What you need to do ▸ Repeat every record exactly.

Segment Start: Available records

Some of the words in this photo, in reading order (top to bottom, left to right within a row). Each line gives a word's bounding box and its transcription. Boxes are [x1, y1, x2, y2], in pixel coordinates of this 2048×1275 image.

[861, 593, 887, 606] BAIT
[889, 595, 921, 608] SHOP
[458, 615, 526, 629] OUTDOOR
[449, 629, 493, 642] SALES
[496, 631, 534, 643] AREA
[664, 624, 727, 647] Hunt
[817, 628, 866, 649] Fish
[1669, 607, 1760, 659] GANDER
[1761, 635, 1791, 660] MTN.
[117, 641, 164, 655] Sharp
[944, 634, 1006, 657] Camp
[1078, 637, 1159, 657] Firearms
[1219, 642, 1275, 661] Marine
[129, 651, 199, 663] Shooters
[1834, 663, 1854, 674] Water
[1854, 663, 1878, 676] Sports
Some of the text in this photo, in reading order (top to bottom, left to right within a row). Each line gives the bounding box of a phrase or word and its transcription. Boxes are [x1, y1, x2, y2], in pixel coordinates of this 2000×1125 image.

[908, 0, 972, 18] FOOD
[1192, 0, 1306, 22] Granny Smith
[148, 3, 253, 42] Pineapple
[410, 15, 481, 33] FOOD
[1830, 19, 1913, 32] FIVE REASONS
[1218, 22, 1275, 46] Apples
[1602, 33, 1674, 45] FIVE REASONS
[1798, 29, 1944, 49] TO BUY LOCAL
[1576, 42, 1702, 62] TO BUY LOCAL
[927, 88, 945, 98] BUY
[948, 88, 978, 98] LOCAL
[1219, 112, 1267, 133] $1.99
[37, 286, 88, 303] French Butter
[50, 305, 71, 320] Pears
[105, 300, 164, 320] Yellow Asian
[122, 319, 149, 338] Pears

Segment End: Available records

Exercise output ▸
Some of the words in this photo, in reading order (top to bottom, left to right within a row). Each line gives a word's bounding box and its transcription. Boxes are [x1, y1, x2, y2], in pixel coordinates of this 2048×1275 image.

[861, 593, 887, 606] BAIT
[889, 595, 921, 608] SHOP
[458, 615, 526, 629] OUTDOOR
[449, 629, 493, 642] SALES
[496, 631, 534, 643] AREA
[664, 624, 727, 647] Hunt
[817, 628, 866, 649] Fish
[1669, 607, 1760, 659] GANDER
[1761, 635, 1791, 660] MTN.
[117, 641, 164, 655] Sharp
[944, 634, 1006, 657] Camp
[1078, 637, 1159, 657] Firearms
[1219, 642, 1275, 661] Marine
[129, 651, 199, 663] Shooters
[1834, 663, 1854, 674] Water
[1854, 663, 1878, 676] Sports
Some of the text in this photo, in reading order (top to bottom, left to right within a row). Each line gives the bounding box of a phrase or word and its transcription. Boxes are [x1, y1, x2, y2], in pixel coordinates of this 2000×1125 image.

[908, 0, 972, 18] FOOD
[1192, 0, 1306, 22] Granny Smith
[148, 3, 253, 42] Pineapple
[410, 15, 481, 33] FOOD
[1830, 19, 1913, 32] FIVE REASONS
[1218, 22, 1275, 46] Apples
[1602, 33, 1674, 45] FIVE REASONS
[1798, 29, 1944, 49] TO BUY LOCAL
[1576, 42, 1702, 62] TO BUY LOCAL
[927, 88, 945, 98] BUY
[948, 88, 978, 98] LOCAL
[1219, 112, 1267, 133] $1.99
[37, 286, 88, 303] French Butter
[50, 305, 71, 320] Pears
[105, 300, 164, 320] Yellow Asian
[122, 319, 149, 338] Pears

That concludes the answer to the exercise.